YOUR GOAL — A letter-for-letter copy of the listing is required, with no pictures in it.

MATERIAL FOR THE TASK —

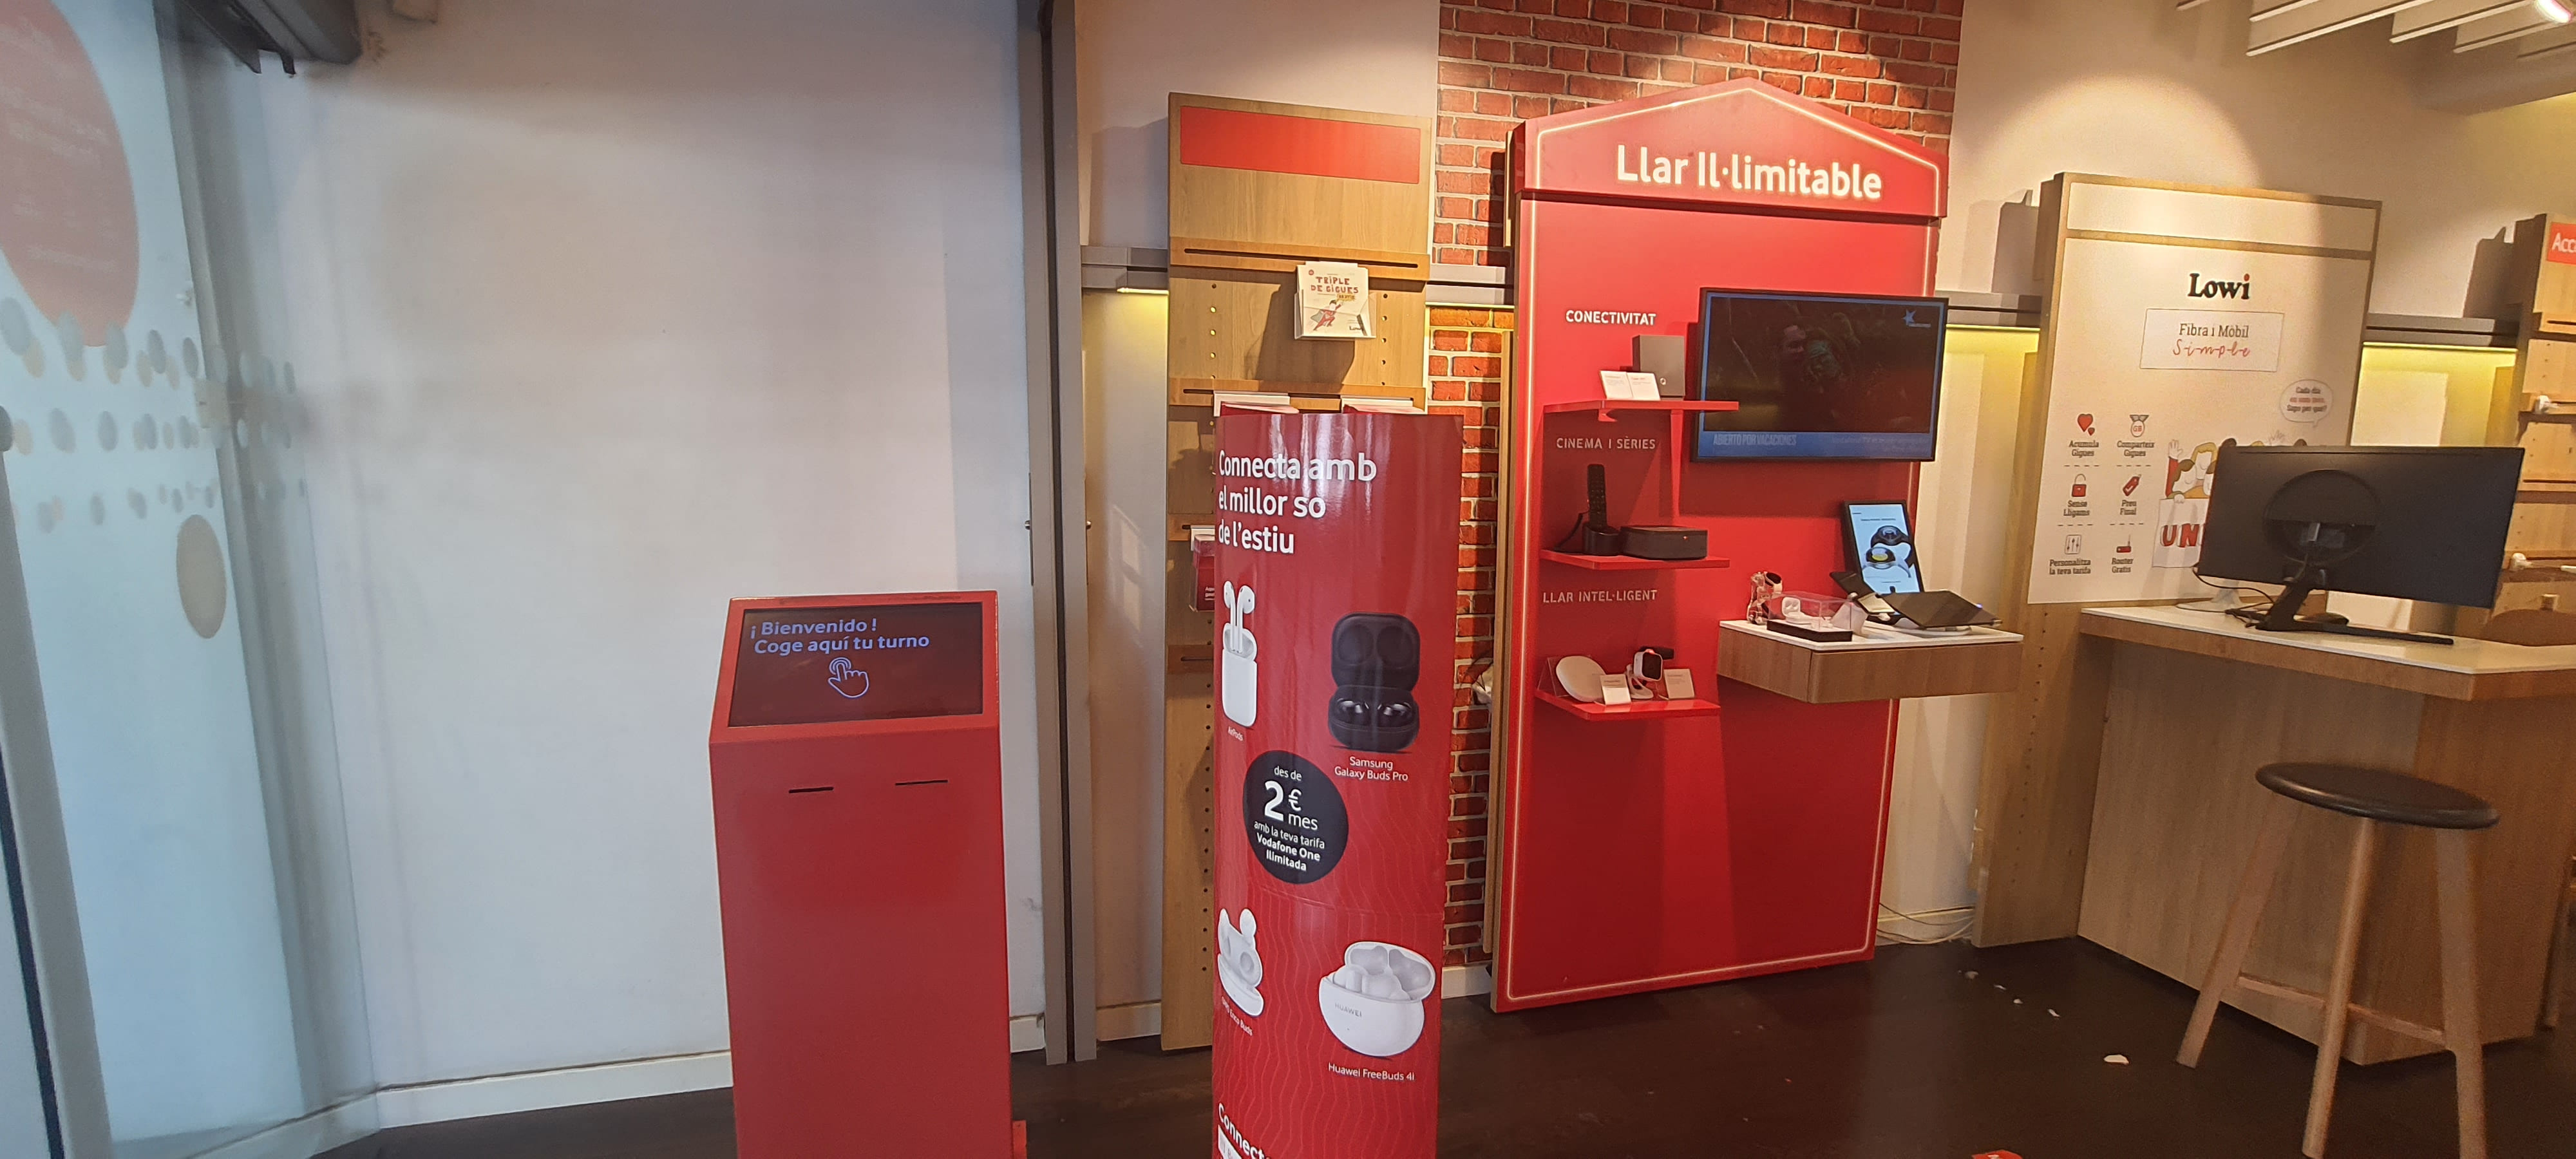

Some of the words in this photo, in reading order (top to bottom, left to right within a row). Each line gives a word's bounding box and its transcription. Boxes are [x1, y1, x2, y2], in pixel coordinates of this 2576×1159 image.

[1617, 145, 1689, 184] Llar
[1698, 151, 1882, 198] Il·limitable
[2552, 232, 2576, 253] Acc
[2187, 273, 2250, 299] Lowi
[1566, 310, 1656, 325] CONECTIVITAT
[2179, 323, 2209, 336] Fibra
[1557, 437, 1602, 449] CINEMA
[1616, 436, 1656, 449] SÈRIES
[1219, 450, 1301, 479] Connecta
[1308, 453, 1377, 482] amb
[1218, 485, 1227, 511] el
[1229, 487, 1288, 516] millor
[1293, 496, 1327, 518] so
[1218, 519, 1231, 545] de
[2161, 523, 2204, 547] UN
[1543, 592, 1573, 603] LLAR
[1578, 590, 1658, 602] INTEL·LIGENT
[750, 626, 756, 639] ¡
[761, 618, 867, 636] Bienvenido
[872, 618, 877, 632] !
[754, 639, 803, 656] Coge
[808, 636, 848, 654] aquí
[853, 637, 873, 649] tu
[878, 635, 930, 649] turno
[1274, 766, 1289, 778] des
[1291, 768, 1302, 781] de
[1334, 766, 1365, 780] Galaxy
[1367, 769, 1390, 780] Buds
[1392, 771, 1408, 782] Pro
[1349, 756, 1393, 771] Samsung
[1264, 780, 1284, 822] 2
[1289, 814, 1318, 831] mes
[1254, 820, 1269, 834] amb
[1271, 825, 1278, 837] la
[1280, 829, 1298, 843] teva
[1300, 835, 1325, 849] tarifa
[1256, 833, 1298, 856] Vodafone
[1299, 848, 1320, 862] One
[1266, 849, 1307, 871] Ilimitada
[1335, 1003, 1362, 1017] HUAWEI
[1240, 1019, 1253, 1036] Buds
[1328, 1062, 1360, 1077] Huawei
[1363, 1068, 1404, 1080] FreeBuds
[1218, 1102, 1272, 1159] Connect

OUTPUT FOR THIS EXERCISE —
Some of the words in this photo, in reading order (top to bottom, left to right within a row). Each line gives a word's bounding box and its transcription. Boxes are [x1, y1, x2, y2], in pixel coordinates of this 2576×1159 image.

[1617, 145, 1689, 184] Llar
[1698, 151, 1882, 198] Il·limitable
[2552, 232, 2576, 253] Acc
[2187, 273, 2250, 299] Lowi
[1566, 310, 1656, 325] CONECTIVITAT
[2179, 323, 2209, 336] Fibra
[1557, 437, 1602, 449] CINEMA
[1616, 436, 1656, 449] SÈRIES
[1219, 450, 1301, 479] Connecta
[1308, 453, 1377, 482] amb
[1218, 485, 1227, 511] el
[1229, 487, 1288, 516] millor
[1293, 496, 1327, 518] so
[1218, 519, 1231, 545] de
[2161, 523, 2204, 547] UN
[1543, 592, 1573, 603] LLAR
[1578, 590, 1658, 602] INTEL·LIGENT
[750, 626, 756, 639] ¡
[761, 618, 867, 636] Bienvenido
[872, 618, 877, 632] !
[754, 639, 803, 656] Coge
[808, 636, 848, 654] aquí
[853, 637, 873, 649] tu
[878, 635, 930, 649] turno
[1274, 766, 1289, 778] des
[1291, 768, 1302, 781] de
[1334, 766, 1365, 780] Galaxy
[1367, 769, 1390, 780] Buds
[1392, 771, 1408, 782] Pro
[1349, 756, 1393, 771] Samsung
[1264, 780, 1284, 822] 2
[1289, 814, 1318, 831] mes
[1254, 820, 1269, 834] amb
[1271, 825, 1278, 837] la
[1280, 829, 1298, 843] teva
[1300, 835, 1325, 849] tarifa
[1256, 833, 1298, 856] Vodafone
[1299, 848, 1320, 862] One
[1266, 849, 1307, 871] Ilimitada
[1335, 1003, 1362, 1017] HUAWEI
[1240, 1019, 1253, 1036] Buds
[1328, 1062, 1360, 1077] Huawei
[1363, 1068, 1404, 1080] FreeBuds
[1218, 1102, 1272, 1159] Connect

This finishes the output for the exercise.